Jakarta – Gerakan Aktivis Jakarta menyoroti peningkatan nilai harta kekayaan Utusan Khusus Presiden Bidang Pariwisata, Zita Anjani, sebagaimana tercantum dalam Laporan Harta Kekayaan Penyelenggara Negara (LHKPN) yang dipublikasikan oleh Komisi Pemberantasan Korupsi (KPK). Organisasi tersebut menilai lonjakan aset dalam waktu yang relatif singkat perlu mendapat perhatian sebagai bagian dari prinsip transparansi dan akuntabilitas pejabat negara.
Berdasarkan data LHKPN KPK, Zita Anjani melaporkan total kekayaan sebesar Rp9,16 miliar pada tahun 2023 ketika masih menjabat sebagai Wakil Ketua DPRD DKI Jakarta. Dalam laporan periodik tahun 2025, setelah mengemban tugas sebagai Utusan Khusus Presiden Bidang Pariwisata, total harta yang dilaporkannya meningkat menjadi Rp109,32 miliar.
Dengan demikian, nilai kekayaan Zita Anjani bertambah sekitar Rp100,16 miliar hanya dalam kurun waktu kurang lebih dua tahun. Secara persentase, kenaikan tersebut mencapai lebih dari 1.000 persen, atau setara dengan rata-rata penambahan lebih dari Rp4 miliar setiap bulan.

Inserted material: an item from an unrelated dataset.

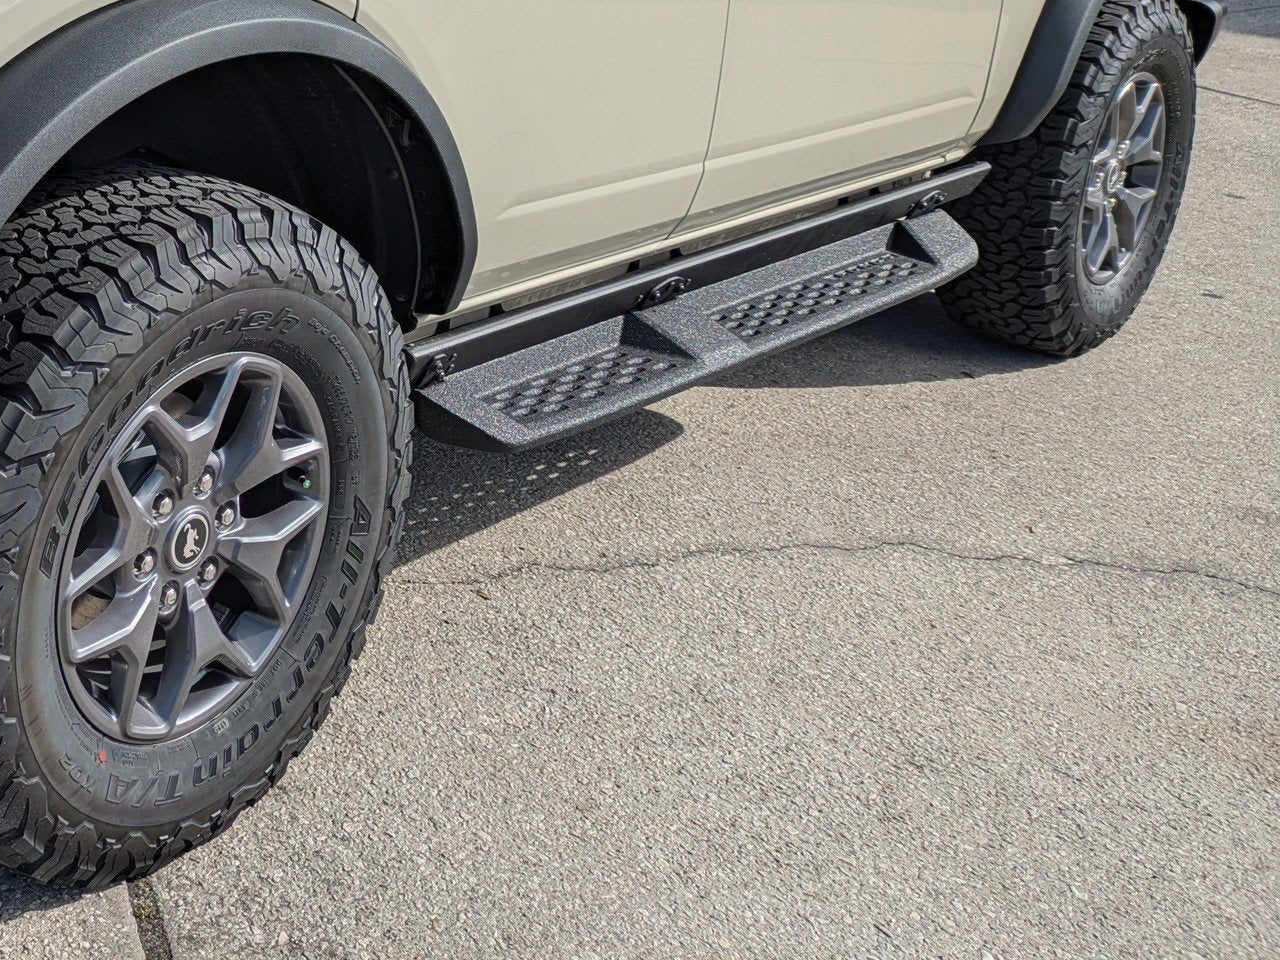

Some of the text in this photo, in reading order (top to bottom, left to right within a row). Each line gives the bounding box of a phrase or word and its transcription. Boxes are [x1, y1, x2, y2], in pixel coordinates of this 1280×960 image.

[39, 307, 301, 578] BFGoodrich
[192, 493, 372, 787] All-Terrain
[106, 772, 183, 808] T/A

Apabila ditelusuri dari riwayat pelaporan LHKPN, peningkatan kekayaan tersebut terjadi secara bertahap. Pada laporan awal setelah dilantik sebagai Utusan Khusus Presiden pada November 2024, jumlah hartanya tercatat sebesar Rp47,65 miliar. Beberapa bulan kemudian, dalam laporan akhir tahun 2024, nilainya meningkat menjadi Rp89,75 miliar, sebelum kembali bertambah hingga mencapai Rp109,32 miliar pada laporan periodik tahun 2025.
Kenaikan paling signifikan tercatat pada rentang November 2024 hingga pertengahan 2025, di mana nilai kekayaannya bertambah lebih dari Rp61 miliar dalam waktu sekitar tujuh bulan.
Rincian LHKPN menunjukkan bahwa sebagian besar aset Zita Anjani berasal dari kepemilikan tanah dan bangunan dengan nilai mencapai Rp52,29 miliar yang berada di wilayah Depok, Lampung Selatan, dan Jakarta Timur. Selain itu, ia juga melaporkan kendaraan senilai Rp4,4 miliar, harta bergerak lainnya sebesar Rp32,3 miliar, surat berharga senilai Rp11,88 miliar, kas dan setara kas sekitar Rp6 miliar, serta aset lainnya sebesar Rp2,44 miliar. Dalam laporan tersebut juga disebutkan bahwa seluruh kekayaan tersebut tidak disertai kewajiban utang sehingga nilai kekayaan bersihnya mencapai Rp109.325.511.209.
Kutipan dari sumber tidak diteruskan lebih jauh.